YOUR OBJECTIVE:
The answer should match the entries below word for word, minus their pictures.
(EXCERPTED RECORDS begins)
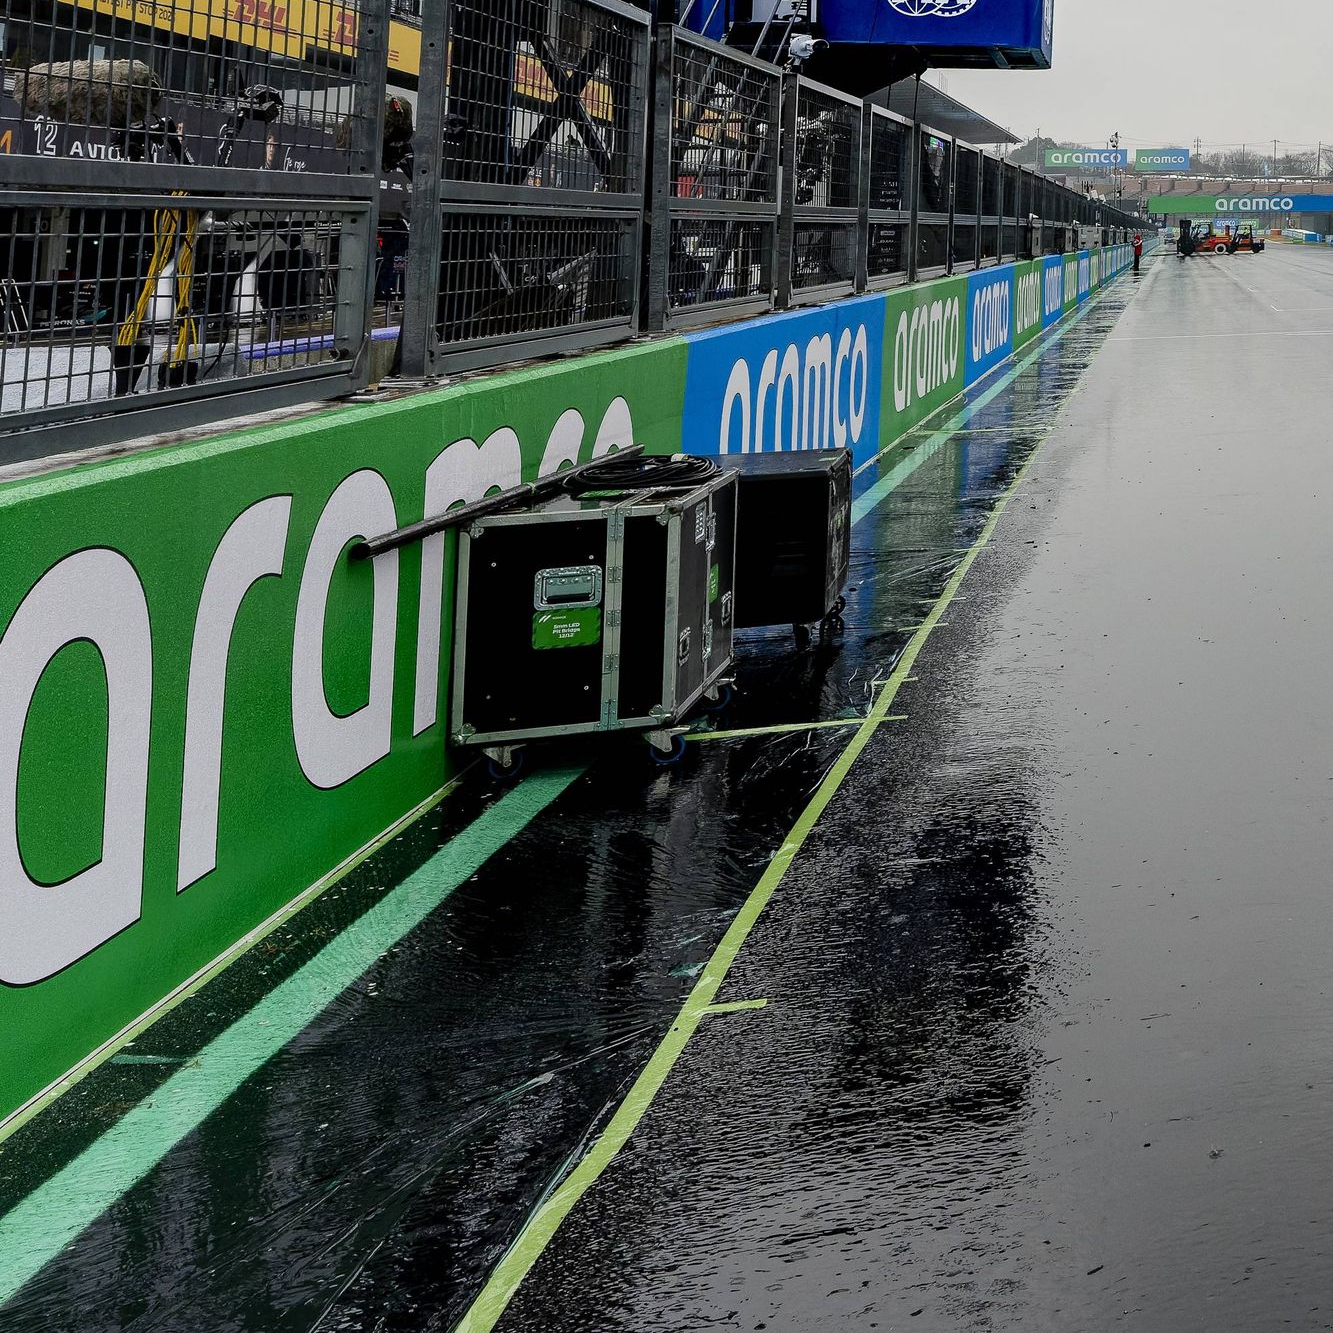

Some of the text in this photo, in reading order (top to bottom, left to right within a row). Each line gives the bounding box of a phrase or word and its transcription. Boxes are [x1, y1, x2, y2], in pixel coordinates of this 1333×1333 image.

[1051, 152, 1121, 164] aramco
[1140, 155, 1185, 164] aramco
[1215, 197, 1294, 211] aramco
[972, 280, 1009, 363] aramco
[893, 296, 959, 413] aramco
[719, 323, 867, 455] aramco
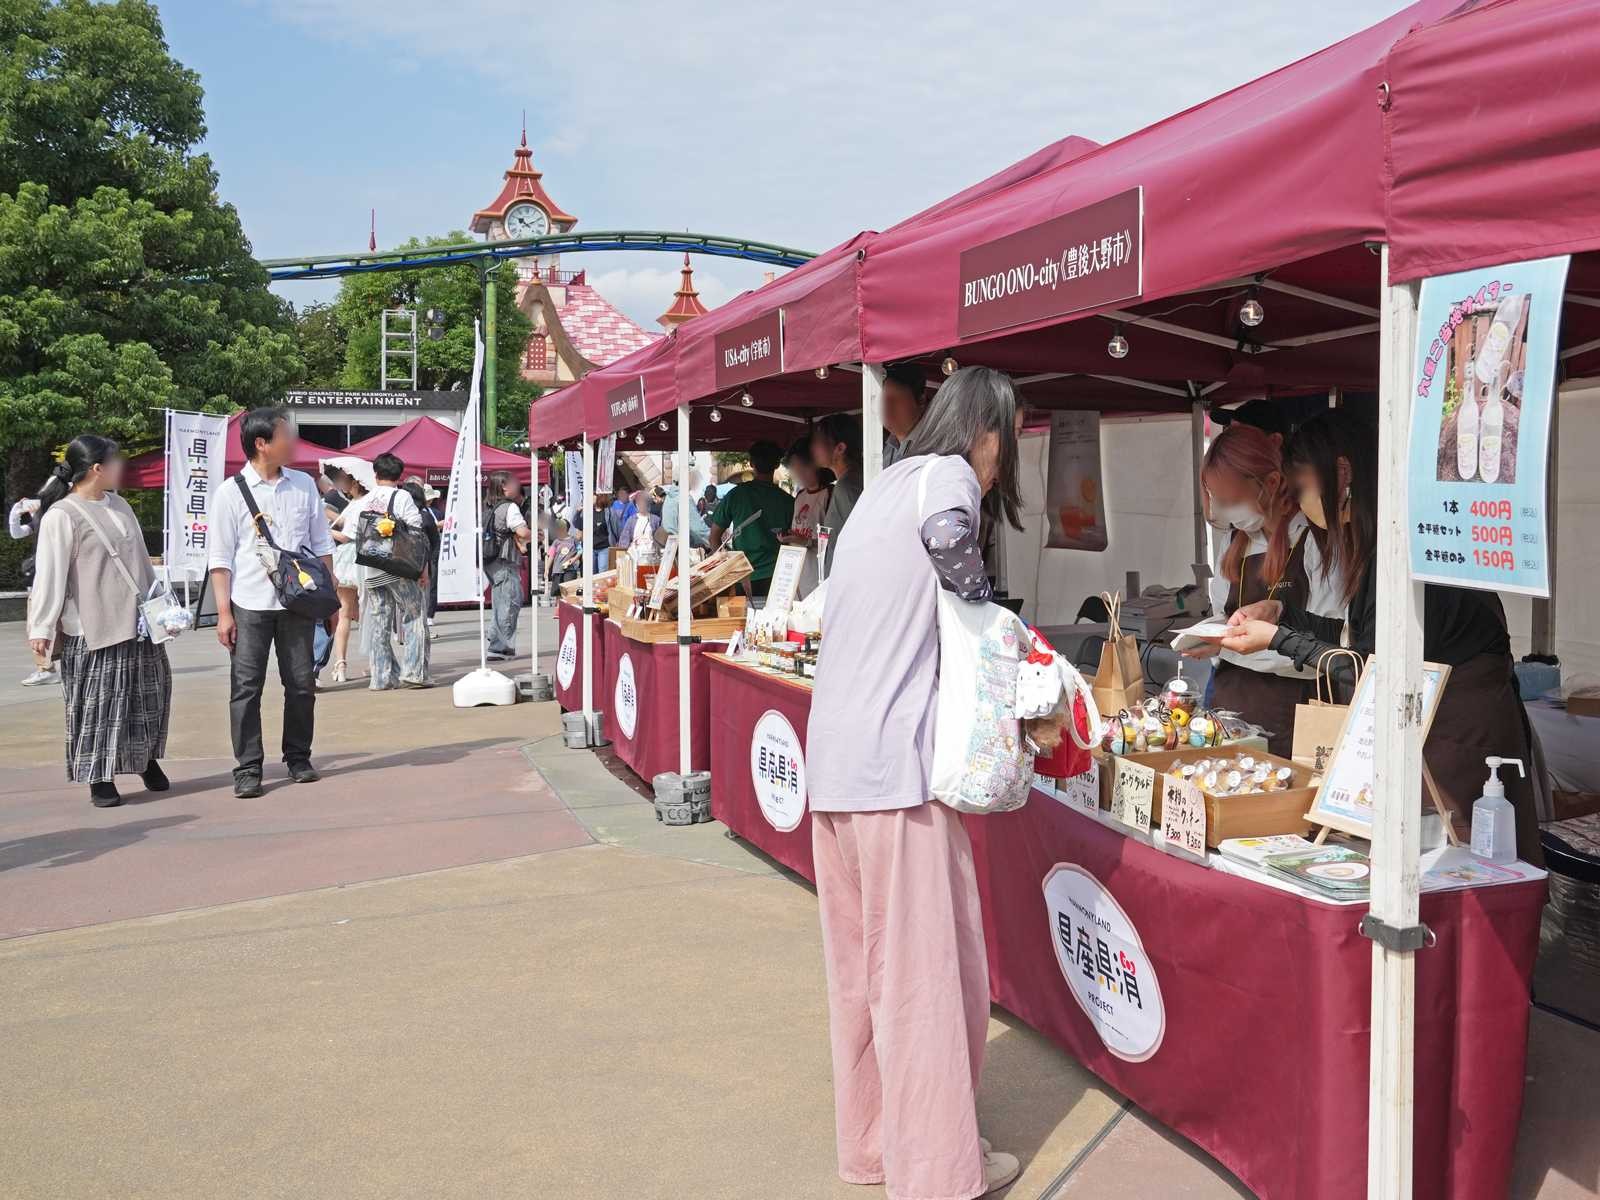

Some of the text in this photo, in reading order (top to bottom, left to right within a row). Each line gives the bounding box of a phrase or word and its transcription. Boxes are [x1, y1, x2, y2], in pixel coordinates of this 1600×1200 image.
(EXCERPTED RECORDS ends)
RESPONSE:
Some of the text in this photo, in reading order (top to bottom, left to right within a row). Each line gives the bounding box of a phrase or word and its transcription. Boxes are [x1, y1, x2, y2], in pixel coordinates of this 1333×1333 image.

[1051, 152, 1121, 164] aramco
[1140, 155, 1185, 164] aramco
[1215, 197, 1294, 211] aramco
[972, 280, 1009, 363] aramco
[893, 296, 959, 413] aramco
[719, 323, 867, 455] aramco

Some of the text in this photo, in reading order (top to bottom, left to right within a row). Each line gives the bounding box of a phrase or word and its transcription. Boxes are [x1, y1, x2, y2], in pixel coordinates of this 1600×1200 image.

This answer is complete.